Medscape recently interviewed ACH’s CEO Amanda Pears Kelly about how health centers are poised to expand vision care services to people who have difficulty getting that care. However, according to a recent study, they have been severely underused and are facing an unprecedented funding crisis.
The study’s senior author Aiyin Chen, MD, and her colleagues at the Casey Eye Institute of Oregon Health & Science University, assessed 43 studies of performance and outcomes of health centers over a 58-year period. They found 65.3% of patients at these facilities and free clinics have concerns about their eye health compared with 48% of the population overall.

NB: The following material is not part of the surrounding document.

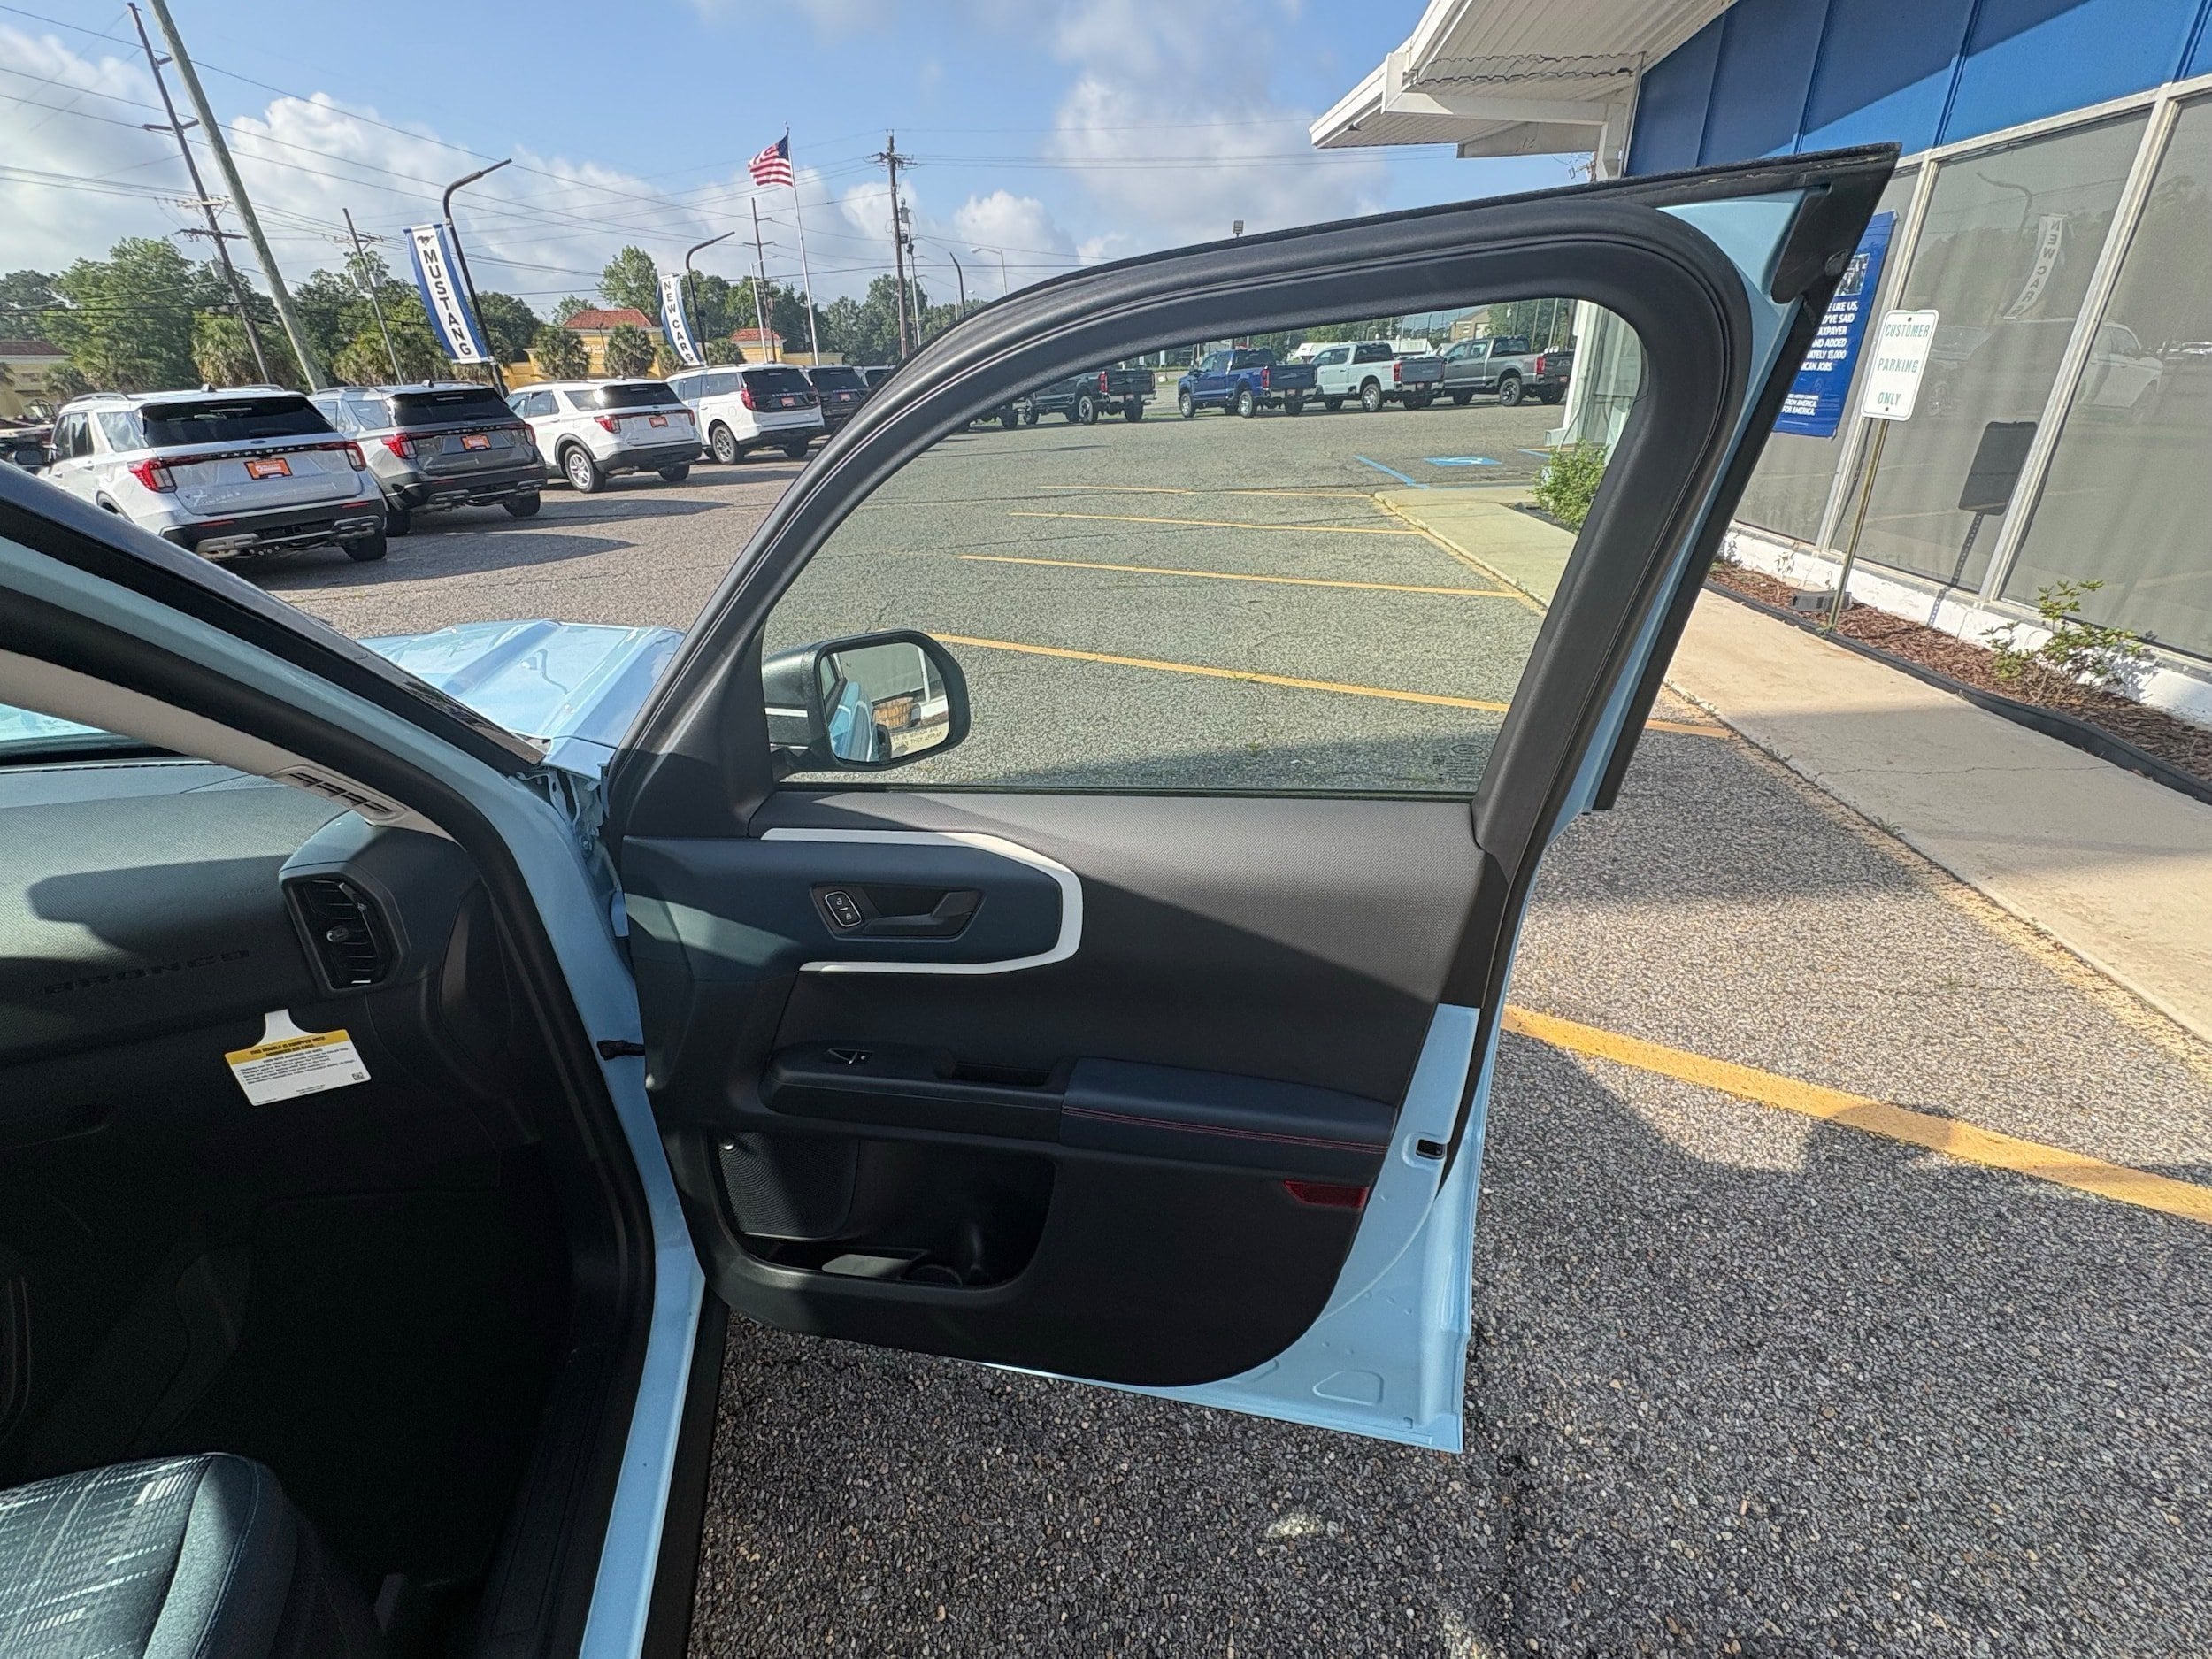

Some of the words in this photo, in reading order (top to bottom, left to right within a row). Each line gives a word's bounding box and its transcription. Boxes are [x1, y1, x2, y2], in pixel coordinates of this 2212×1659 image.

“The study comes at a time when community health centers known as Federally Qualified Health Centers (FQHCs) are entering a climate of uncertainty, first with the Trump administration’s freeze on government funding — which reportedly forced some facilities to close or cut staff — and, more recently, with talk of deep cuts to Medicaid, which accounted for 43% of the centers’ revenue in 2023,” reports Richard Kirkner of Medscape. “The freeze has been rolled back for now, but the agency that sends grants to FQHCs may lose funding in March if Congress doesn’t renew the spending.”
The article reports that “Preventing visual impairment and blindness by expanding vision services at FQHCs is not just the right thing to do, it also confers significant economic benefits to the community and the country in the long term by reducing costs associated with medical care and nursing homes and lost wages and productivity.”